Co-Op Insurance Co-Op Insurance

When finding a place to live, what if you could have the advantages of buying and renting rolled into one? That is possible with co-operative housing. Co-op apartment buildings allow tenants to band together to own and maintain the property.

The first co-ops began in New York in the 1800s. After World War 1, they started to spread to other parts of the country, but during the 1970s, condos quickly became the go-to replacement.

Today, there are still thousands of co-op buildings, but over half are in New York City. Co-ops tend to be 30% less expensive than condos because co-op rules are stricter. For example, most co-op owners cannot rent out their apartments, or if so, only for limited timeframes.

While buying into a co-op can make housing more affordable than a condo, the next question is, how do you insure the property? Let's dive into the world of co-op insurance.

What is a Co-Op Apartment?
Typically, if you are going to live in a rental apartment, your landlord owns the building. However, with a cooperative apartment, the unit owners, through a board of directors (also unit owners)have control.

So, when buying into a co-op, you purchase a piece of the property or a share in the property. It is like being a shareholder in a corporation. In exchange, you have the right to live in a specific unit.
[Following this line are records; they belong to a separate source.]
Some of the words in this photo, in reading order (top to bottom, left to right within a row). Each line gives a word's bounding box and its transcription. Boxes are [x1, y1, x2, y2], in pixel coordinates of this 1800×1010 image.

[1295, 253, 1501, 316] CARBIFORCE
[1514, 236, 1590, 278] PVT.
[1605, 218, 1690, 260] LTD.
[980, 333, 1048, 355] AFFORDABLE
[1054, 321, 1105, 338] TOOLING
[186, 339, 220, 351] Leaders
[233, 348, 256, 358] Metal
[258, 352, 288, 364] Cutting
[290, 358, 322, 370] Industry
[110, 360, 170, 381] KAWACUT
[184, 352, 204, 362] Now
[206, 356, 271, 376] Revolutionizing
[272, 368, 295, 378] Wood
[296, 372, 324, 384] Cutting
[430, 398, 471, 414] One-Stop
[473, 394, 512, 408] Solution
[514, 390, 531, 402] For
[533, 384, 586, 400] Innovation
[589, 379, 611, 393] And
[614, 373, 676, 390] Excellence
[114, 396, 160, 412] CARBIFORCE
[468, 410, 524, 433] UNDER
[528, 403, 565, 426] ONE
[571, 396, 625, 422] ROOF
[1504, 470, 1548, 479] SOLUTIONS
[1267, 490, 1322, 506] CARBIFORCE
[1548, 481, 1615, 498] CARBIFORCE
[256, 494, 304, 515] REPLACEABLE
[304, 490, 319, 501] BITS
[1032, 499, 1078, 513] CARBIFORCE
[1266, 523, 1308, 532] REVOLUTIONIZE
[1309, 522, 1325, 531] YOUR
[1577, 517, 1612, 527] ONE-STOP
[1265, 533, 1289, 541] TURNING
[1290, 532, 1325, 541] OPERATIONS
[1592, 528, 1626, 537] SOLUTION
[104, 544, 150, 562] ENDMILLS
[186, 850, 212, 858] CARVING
Being a co-op owner is a lot like being a condo owner in that there is a board of directors that monitors the building and sets the rules. The primary difference, however, is that unit owners do not build equity in the building. They do build equity in their individual units, though.

There are three types of co-ops: limited equity, market rate, and leasing. With a market rate co-op, tenants buy shares of the building at market rates, meaning that individual co-op members can have a larger stake in the property than others.

In a limited-equity situation, the board sets the price and number of shares that a single tenant can own. Finally, with a leasing co-op, the tenants do not own the building, so there is a chance that the property owner could sell to another entity.

What is Co-Op Insurance?
If you live in a house, you get homeowners insurance to protect your dwelling and personal items. In a co-op apartment, the landlord takes care of each apartment's building and structural walls (assuming they are reputable). Because you are a part-owner of a co-op property, you have more options to protect both your belongings and the unit itself.

There are multiple co-op building insurance options (aka HO6 coverage), which we will discuss in the next section. A co-op policy is often the same as condo insurance.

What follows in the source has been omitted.